I’m not surprised to see this from Pike. He’s a NIH extremist. And yes, in this aspect he’s my spirit animal when coding for fun. I’ll avoid using a framework or a dependency because it’s not the way that I would have done it, and it doesn’t do it quite right… for me.

And he correctly recognizes the technical debt that an added dependency involves.

But I would say that he has two big blind spots.

  1. He doesn’t recognize that not using the available dependency is also adding huge technical debt. Every line of code you write is code that you have to maintain, forever.

  2. The option for most software isn’t “use the dependency” vs “implement it yourself”. It’s “use the dependency” vs “don’t do it at all”. If the latter means adding 10 human years to the product, then most of the time the trade-off makes it not worth doing at all.

He shows a dependency graph of Kubernetes. Great. So are you going to write your own Kubernetes now?

Pike is a good enough coder that he can write his own editor (wikipedia: “Pike has written many text editors”). So am I. I don’t need dependencies to satisfy my own requirements.
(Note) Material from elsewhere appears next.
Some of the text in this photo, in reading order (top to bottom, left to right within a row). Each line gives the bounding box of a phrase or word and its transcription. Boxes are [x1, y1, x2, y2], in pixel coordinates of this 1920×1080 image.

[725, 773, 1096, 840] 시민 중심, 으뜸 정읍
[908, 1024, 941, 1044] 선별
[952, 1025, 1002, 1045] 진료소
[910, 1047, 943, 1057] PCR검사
But it’s quite different if you need to make a website that suddenly needs ADA support, and now the EU forces a certain cookie behavior, and designers (in collaboration with lawyers) mandate a certain layout of the cookie consent screen, and the third party ad network requires some integration.
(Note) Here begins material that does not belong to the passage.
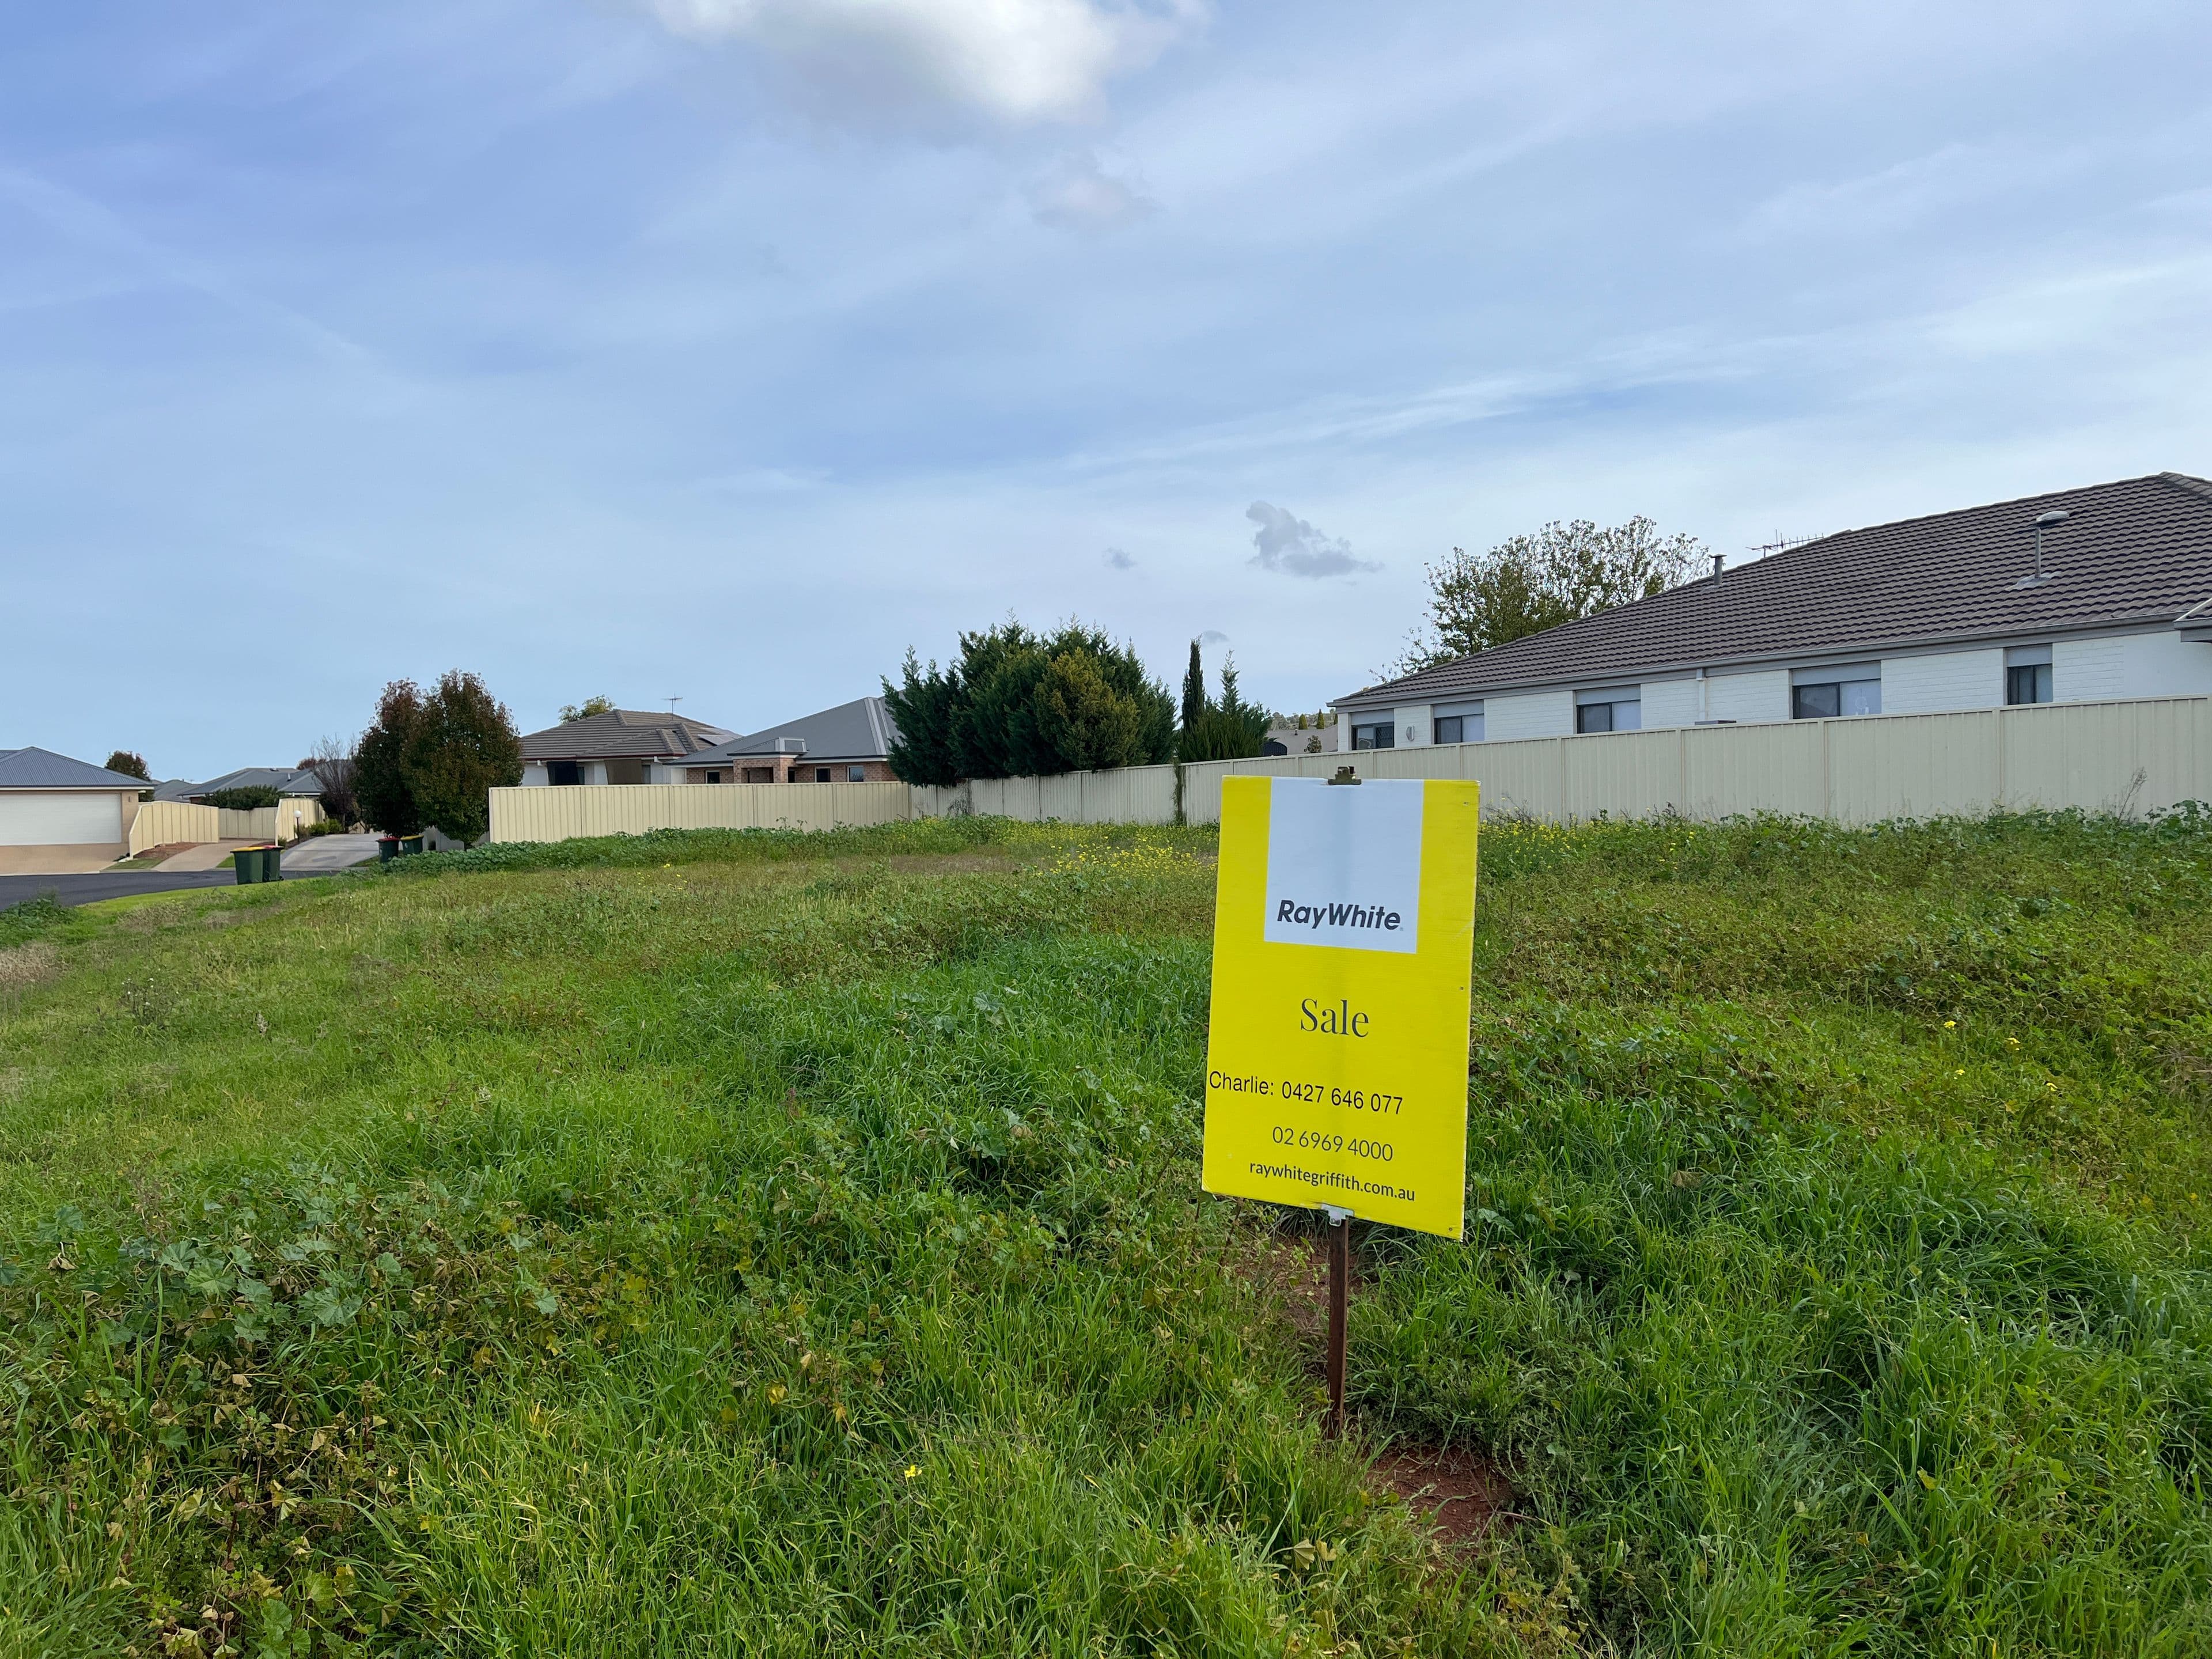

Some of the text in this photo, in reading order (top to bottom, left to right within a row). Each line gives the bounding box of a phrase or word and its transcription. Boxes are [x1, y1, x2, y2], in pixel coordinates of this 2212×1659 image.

[1300, 998, 1369, 1037] Sale
[1209, 1071, 1403, 1115] Charlie: 0427 646 077
[1272, 1126, 1393, 1161] 02 6969 4000
[1249, 1161, 1415, 1202] raywhitegriffith.com.au
What are you going to do? Demand funding for 100 SWE years to implement it yourself? And in the mean time, just not be able to advertise during BFCM? Not launch the product for 10 years? Just live with the fact that no customer can reach your site if they use Opera on mobile?

I feel like Pike is saying “yours is the slowest website that I ever regularly use”, to which the answer is “yeah, but you do use it regularly”. If the site hadn’t launched, then you wouldn’t be able to even choose to use it.

And comparing to the 70s. Please. Come on. If you ask a “modern coder” to solve a “1970s problem”, it’s not going to be slow, is it? They could write it in Python and it wouldn’t even be a remotely fair fight.

Software is slower today not because the problems are more complex in terms of compute (yet they very very very much are), but because the compute capacity of today simply affords wasting it, in order that we are now able to solve complex problems.

People do things because there’s a perceived demand for it. If the demand is “I just like coding”, then as long as you keep coding there’s no failure.

Pike’s technical legacy has very visible scars from these blind spots of his.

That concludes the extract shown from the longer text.